La publication la plus récente concerne une enquête menée par une équipe du Massachusetts Institute of Technology (MIT) de 2006 à 2017. Elle est parue au début de mars dans la revue «Science». Elle porte sur quelque 126 000 histoires relayées sur Twitter plus de 4,5 millions de fois et par 3 millions de personnes.
Deux conclusions saillantes: les «fake news» ont 70% de chances supplémentaires d'être «retwittées» en cascade que les informations avérées; la nouvelle vraie met six fois plus de temps qu'une «fake news» à atteindre un public de 1500 personnes.
La «fake news» se diffuse donc davantage, plus vite et à plus de personnes qu'une information vraie et consolidée. Explication: la «fake news» offre le plus souvent un contenu plus original, inspire des émotions différentes et plus marquées, comme la surprise, la peur ou le dégoût.

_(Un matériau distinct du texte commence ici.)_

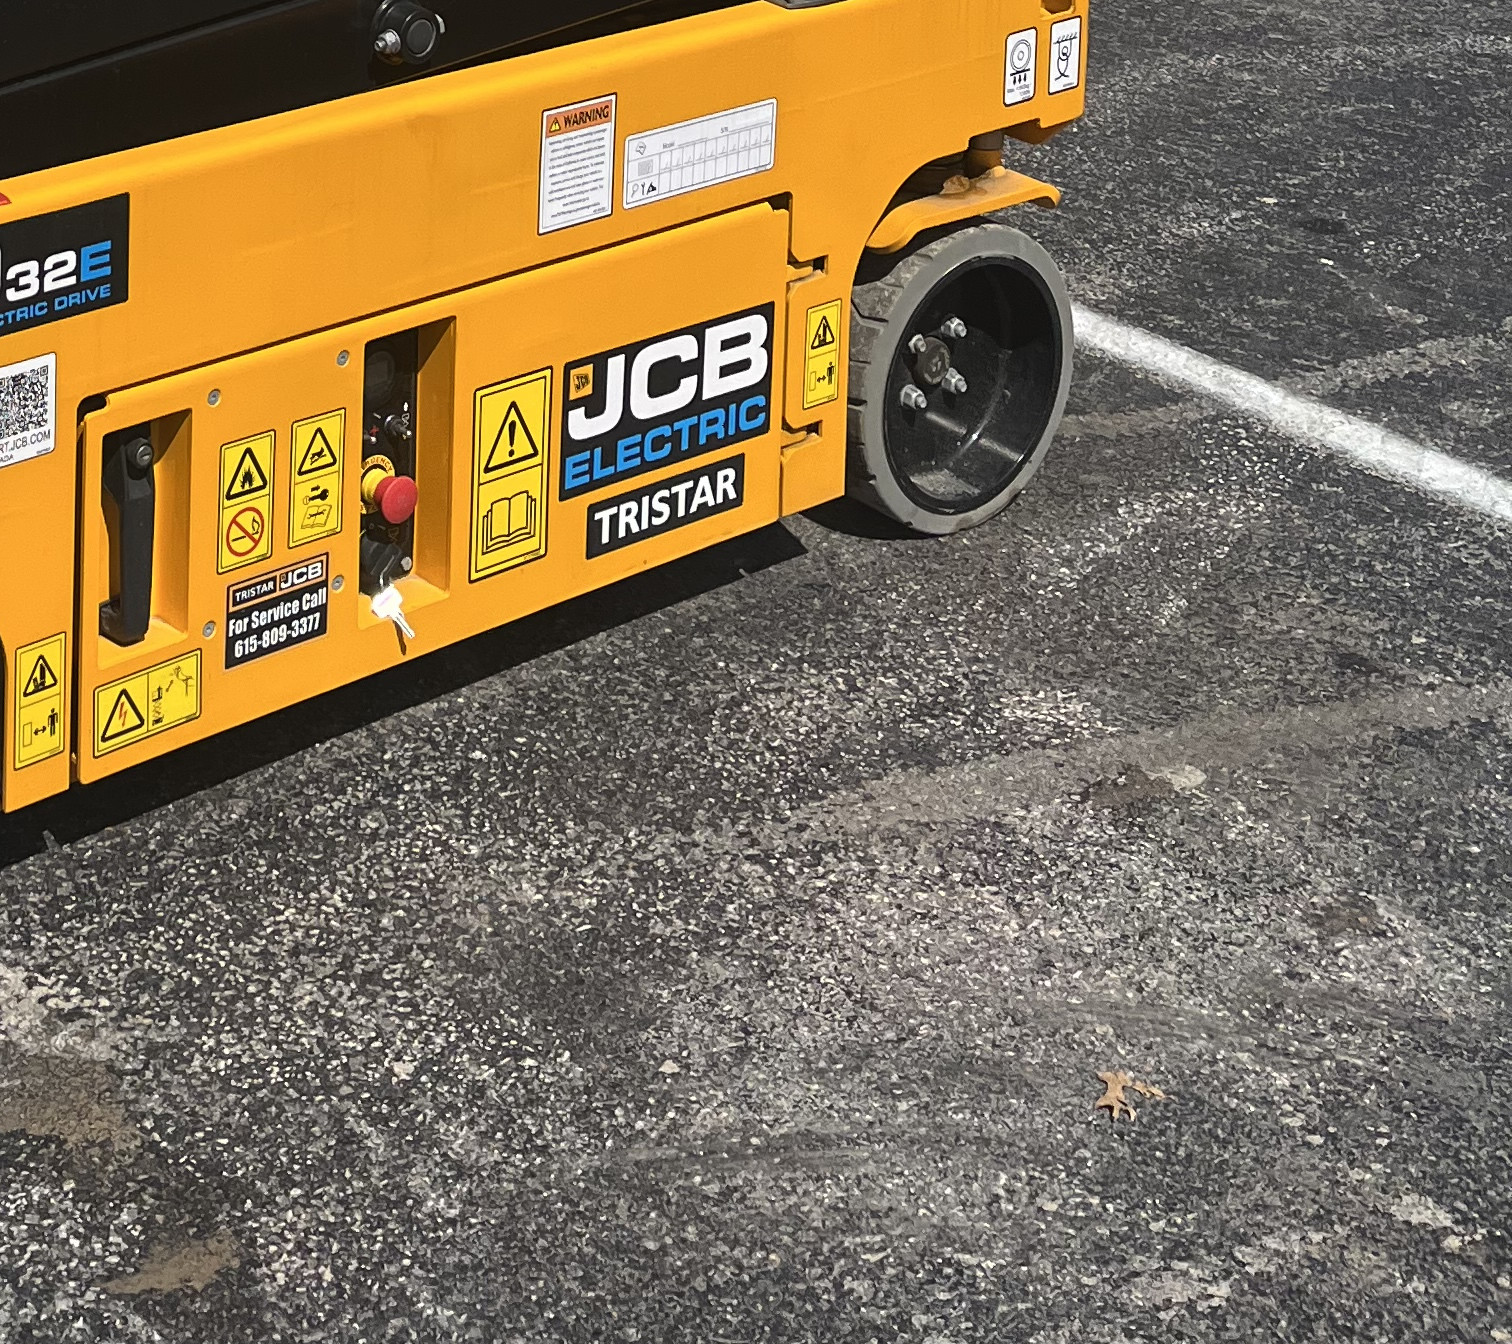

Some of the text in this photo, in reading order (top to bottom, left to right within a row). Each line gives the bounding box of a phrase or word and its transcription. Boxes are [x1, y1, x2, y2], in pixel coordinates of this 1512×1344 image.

[563, 105, 610, 129] WARNING
[55, 283, 112, 312] DRIVE
[567, 314, 768, 441] JCB
[564, 395, 767, 490] ELECTRIC
[594, 467, 738, 545] TRISTAR
[235, 562, 323, 602] TRISTAR JCB
[228, 587, 327, 638] For Service Call
[234, 612, 321, 658] 615-809-3377

Au contraire, peut-on ajouter, une nouvelle vraie s'inscrit ordinairement dans une chaîne d'informations, dans un contexte déjà connu. Elle «fait suite», elle n'est qu'une nouvelle ajoutée.

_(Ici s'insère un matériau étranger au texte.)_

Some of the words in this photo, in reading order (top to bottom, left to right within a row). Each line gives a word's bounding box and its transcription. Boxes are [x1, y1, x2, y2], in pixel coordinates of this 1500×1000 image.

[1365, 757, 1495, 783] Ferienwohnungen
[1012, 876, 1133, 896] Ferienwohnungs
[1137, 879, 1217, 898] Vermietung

Une question subsiste. Dans l'esprit du public, la distinction entre nouvelle fausse et nouvelle vraie est-elle aussi claire que pour les chercheurs du MIT? La seconde enquête introduit le doute. Elle a été réalisée en 2017 par le Reuters Institute pour l'étude du journalisme, rattaché à l'Université d'Oxford. Elle porte sur huit groupes constitués dans quatre pays (États-Unis, Royaume-Uni, Espagne, Finlande). Ses conclusions sont plutôt nuancées.
Les gens ont tendance à distinguer les «fake news» des nouvelles avérées par une différence de degré plutôt que par une différence de nature. Ils donnent ainsi aux «fake news» des contours assez flous. Ils considèrent comme telles les productions d'un journalisme «bas de gamme», superficiel, imprécis ou inexact, porté au sensationnalisme. Ils y rattachent ce qu'ils tiennent pour de la propagande, incluant les mensonges des politiciens, les contenus partisans très affirmés, certaines publicités ou contenus sponsorisés.
En revanche, les gens ne manquent pas d'établir une différence entre les «fake news» et la satire fondée sur des canulars, de fausses nouvelles identifiables par le contenu ou le contexte, visant à divertir et non à tromper.
Les personnes participant à l'étude du Reuters Institute sont pour la plupart capables de repérer des sources fiables sur le Net. Elles ne s'accordent cependant pas sur les sources en question. Très peu de sources passent pour fiables aux yeux de tous.
Principale leçon de cette étude britannique, la «fake news» s'inscrit dans un contexte de scepticisme généralisé visant en première ligne les acteurs politiques, les acteurs médiatiques et, de plus en plus, les détenteurs d'un savoir.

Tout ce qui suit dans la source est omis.